Monumentos de R$ 1 milhão: quanto custa cada estátua da Havan espalhada pelo Brasil

As estátuas da Liberdade instaladas em frente às lojas da Havan chamam atenção em diversas cidades brasileiras. No entanto, além do impacto visual, o que mais impressiona é o alto valor dessas estruturas.

Em 2026, cada estátua custa aproximadamente R$ 1 milhão, considerando a fabricação em fibra de vidro, o transporte especializado e a logística necessária para a instalação.As estruturas possuem, em média, 35 metros de altura e peso aproximado de 3,7 toneladas.

A produção é feita de forma padronizada, com moldes específicos, o que garante uniformidade entre os monumentos espalhados pelo país.

O transporte exige carretas especiais e equipes técnicas, elevando ainda mais o custo final.A primeira estátua foi instalada em 1995, na cidade de Brusque (SC).

Desde então, o modelo se repetiu com a expansão da rede varejista. Atualmente, o Brasil conta com mais de 170 megalojas, e a maioria delas possui uma réplica do monumento, o que representa um investimento total que pode chegar a centenas de milhões de reais apenas nessas estruturas.

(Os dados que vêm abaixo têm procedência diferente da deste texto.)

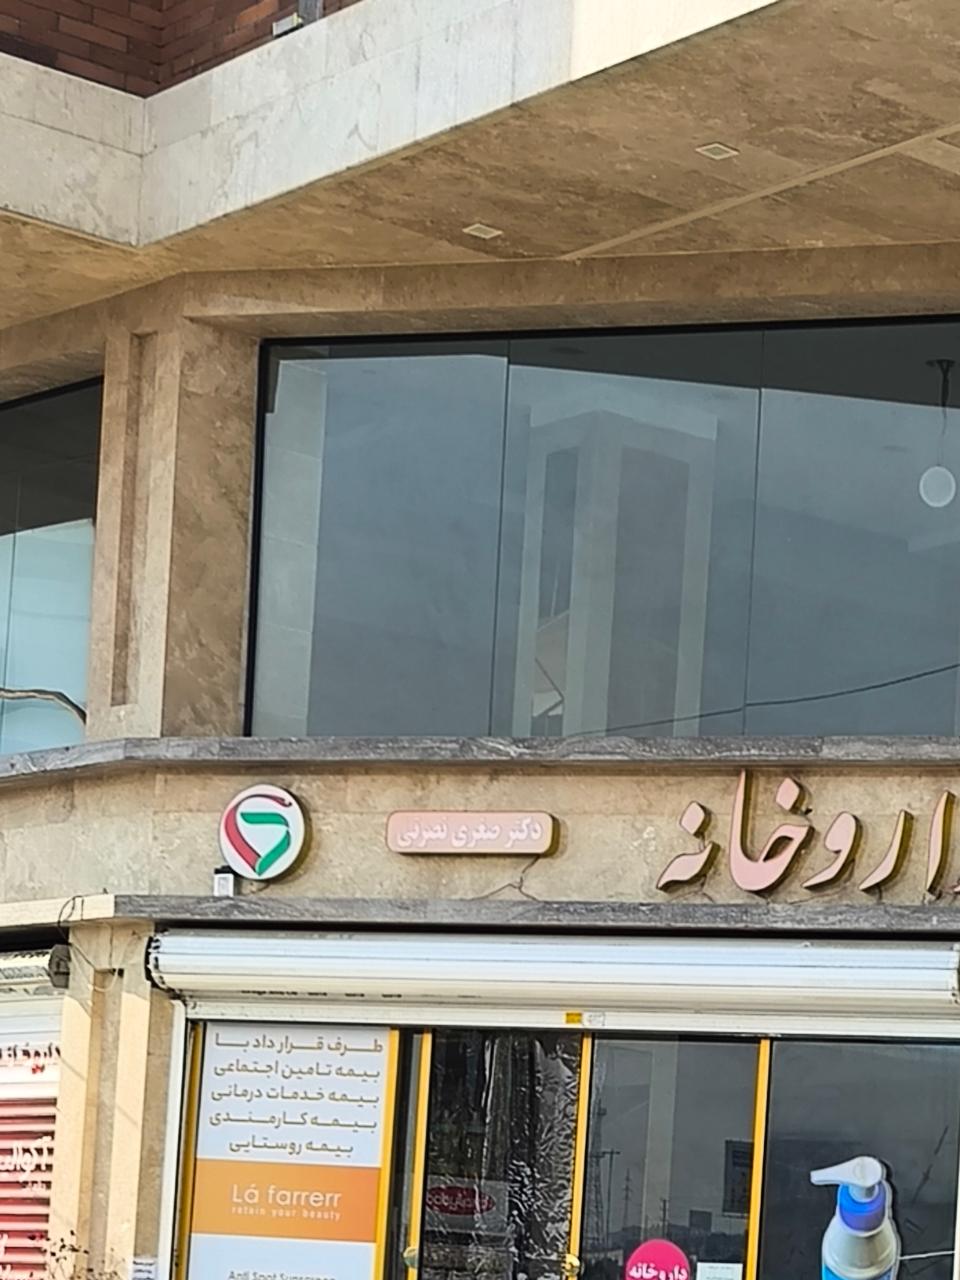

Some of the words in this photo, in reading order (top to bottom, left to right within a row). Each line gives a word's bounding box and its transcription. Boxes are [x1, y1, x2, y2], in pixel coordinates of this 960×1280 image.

[504, 816, 543, 848] دکتر
[215, 1033, 249, 1052] با
[327, 1038, 383, 1056] طرف
[214, 1059, 279, 1078] اجتماعی
[281, 1062, 332, 1080] تامین
[335, 1067, 381, 1083] بیمه
[211, 1084, 263, 1102] درمانی
[266, 1086, 325, 1102] خدمات
[328, 1091, 380, 1109] بیمه
[209, 1111, 307, 1130] کارمندی
[310, 1117, 378, 1134] بیمه
[229, 1135, 303, 1156] روستایی
[305, 1141, 354, 1158] بیمه
[267, 1184, 342, 1208] farrerr
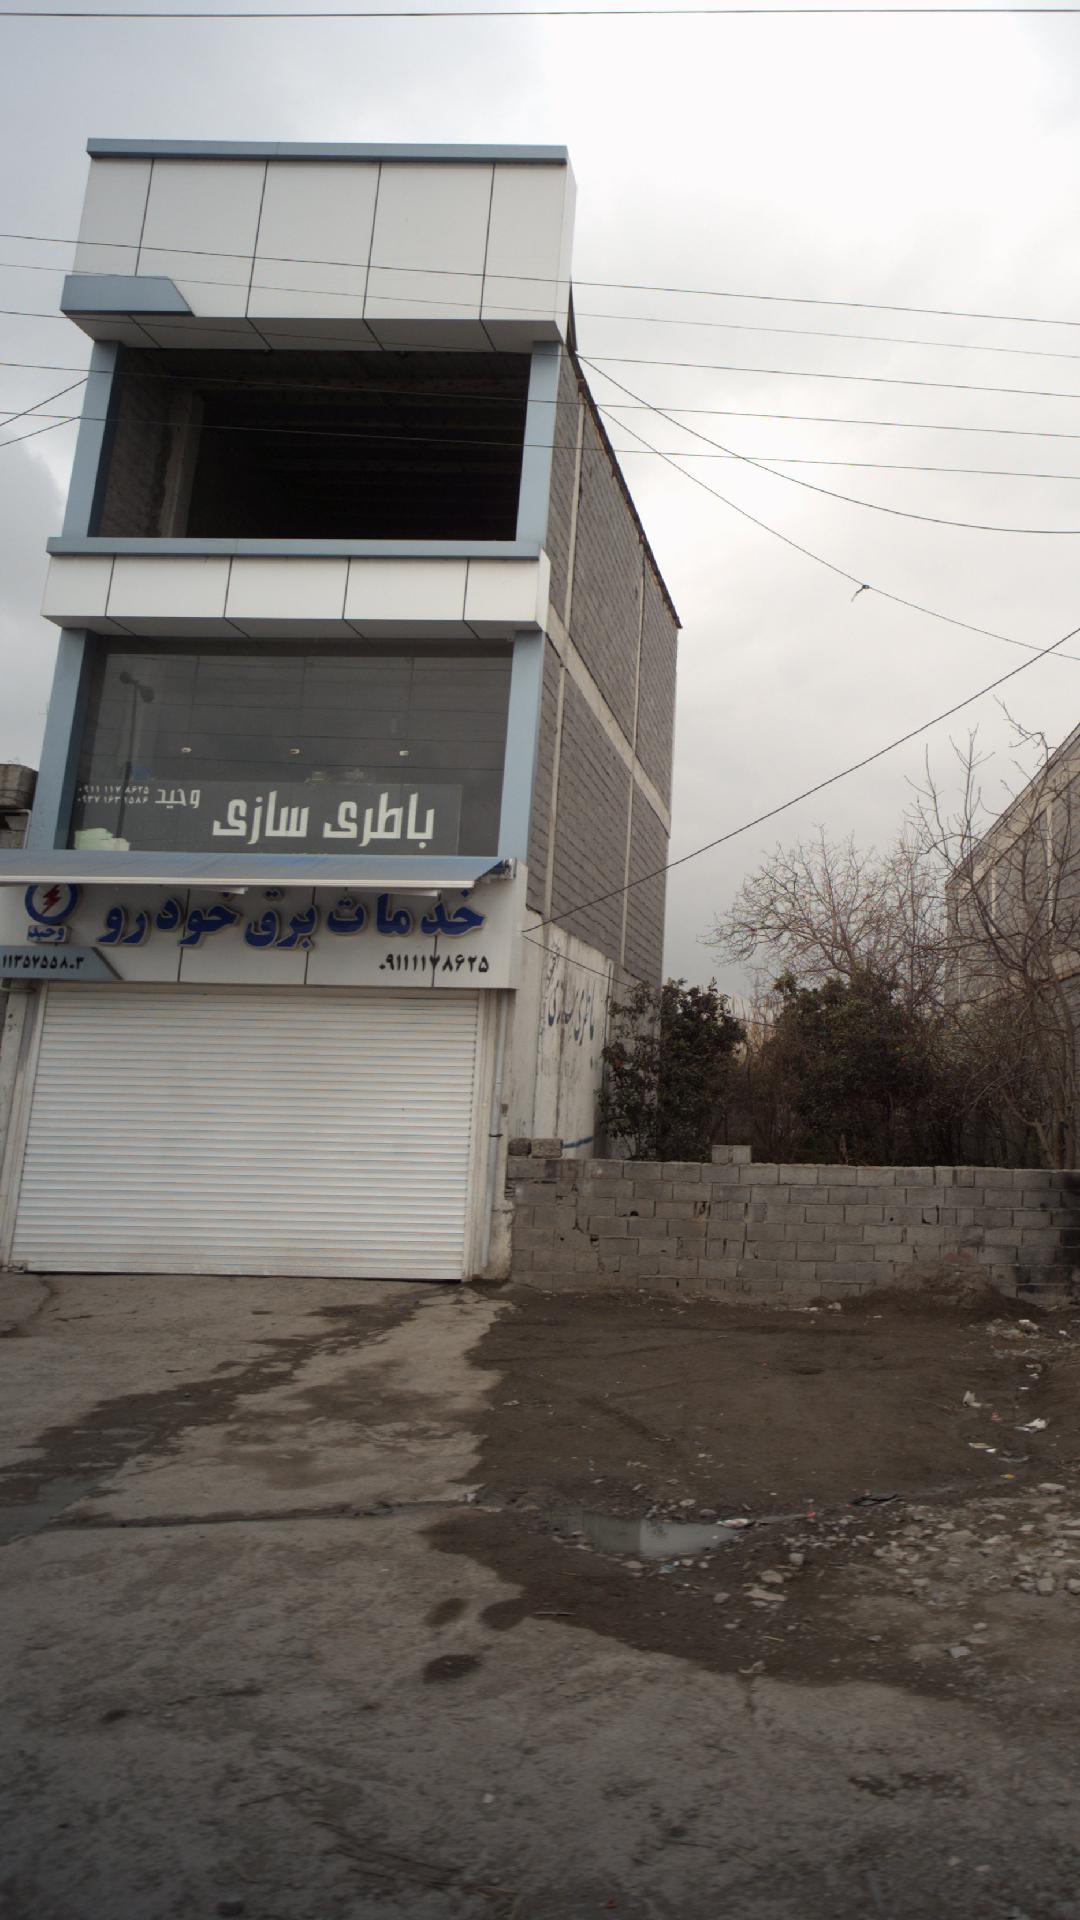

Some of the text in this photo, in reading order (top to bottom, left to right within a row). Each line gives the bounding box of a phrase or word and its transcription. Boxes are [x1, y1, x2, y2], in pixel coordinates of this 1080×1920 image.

Além do valor de instalação, há custos permanentes de manutenção. Por ficarem expostas ao sol intenso, chuvas, ventos fortes e variações climáticas, as estátuas precisam de revisões periódicas, pintura e reparos estruturais, o que gera novos gastos ao longo do tempo.

O custo elevado dos monumentos costuma gerar debates entre moradores e especialistas em urbanismo, especialmente em cidades que enfrentam problemas estruturais e carência de investimentos públicos.

Apesar disso, as estátuas são consideradas bens privados, não envolvendo recursos do poder público.Em alguns municípios, leis urbanísticas impedem a instalação dessas estruturas de grande porte.

Em São Paulo, por exemplo, a Lei Cidade Limpa proíbe monumentos desse tipo por serem considerados elementos de forte impacto visual no espaço urbano.

Casos recentes de danos causados por temporais e ventos fortes, que levaram à queda ou avarias em algumas estátuas, também reacenderam a discussão sobre segurança, resistência estrutural e o custo-benefício de manter monumentos desse tamanho em áreas urbanas.